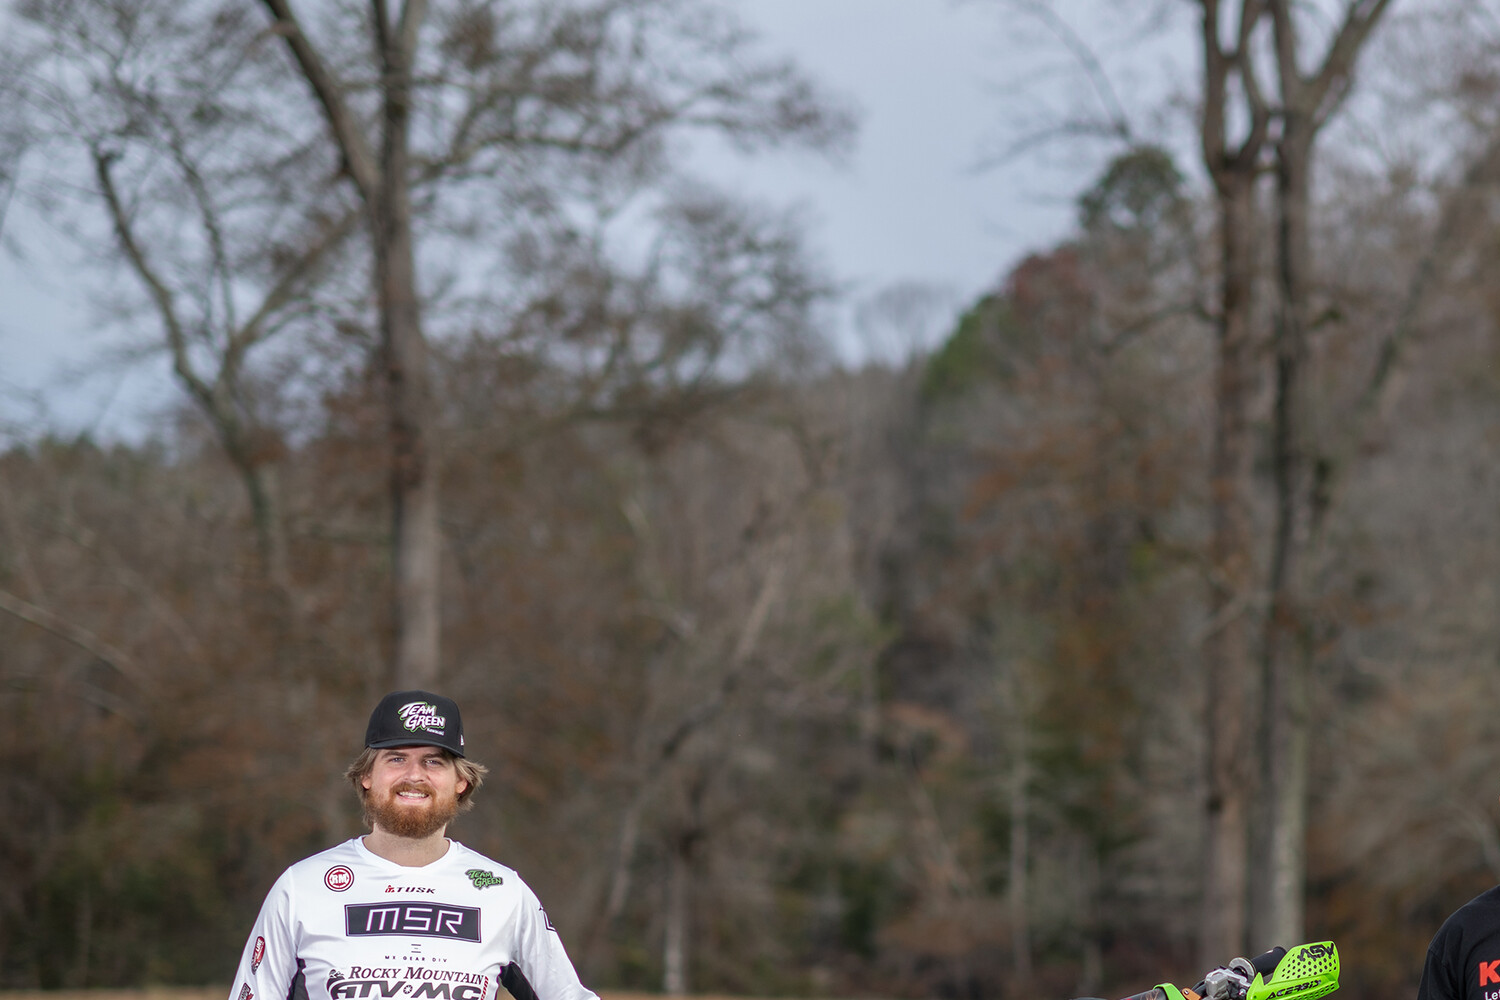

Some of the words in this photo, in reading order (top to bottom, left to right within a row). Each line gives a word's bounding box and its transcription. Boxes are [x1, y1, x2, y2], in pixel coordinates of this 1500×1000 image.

[399, 702, 437, 719] TEAM
[404, 715, 446, 732] GREEN
[466, 869, 493, 881] TEAM
[474, 877, 502, 889] GREEN
[396, 886, 436, 894] TUSK
[366, 907, 464, 934] MSR
[1299, 942, 1335, 962] ASV
[349, 966, 402, 980] ROCKY
[403, 966, 485, 986] MOUNTAIN
[1265, 979, 1321, 1000] ACERBIS

## WHAT NEEDS TO BE DONE:
Each record above should be retyped exactly, with no pictures carried over.

## EXPECTED ANSWER:
Some of the words in this photo, in reading order (top to bottom, left to right within a row). Each line gives a word's bounding box and its transcription. Boxes are [x1, y1, x2, y2], in pixel coordinates of this 1500×1000 image.

[399, 702, 437, 719] TEAM
[404, 715, 446, 732] GREEN
[466, 869, 493, 881] TEAM
[474, 877, 502, 889] GREEN
[396, 886, 436, 894] TUSK
[366, 907, 464, 934] MSR
[1299, 942, 1335, 962] ASV
[349, 966, 402, 980] ROCKY
[403, 966, 485, 986] MOUNTAIN
[1265, 979, 1321, 1000] ACERBIS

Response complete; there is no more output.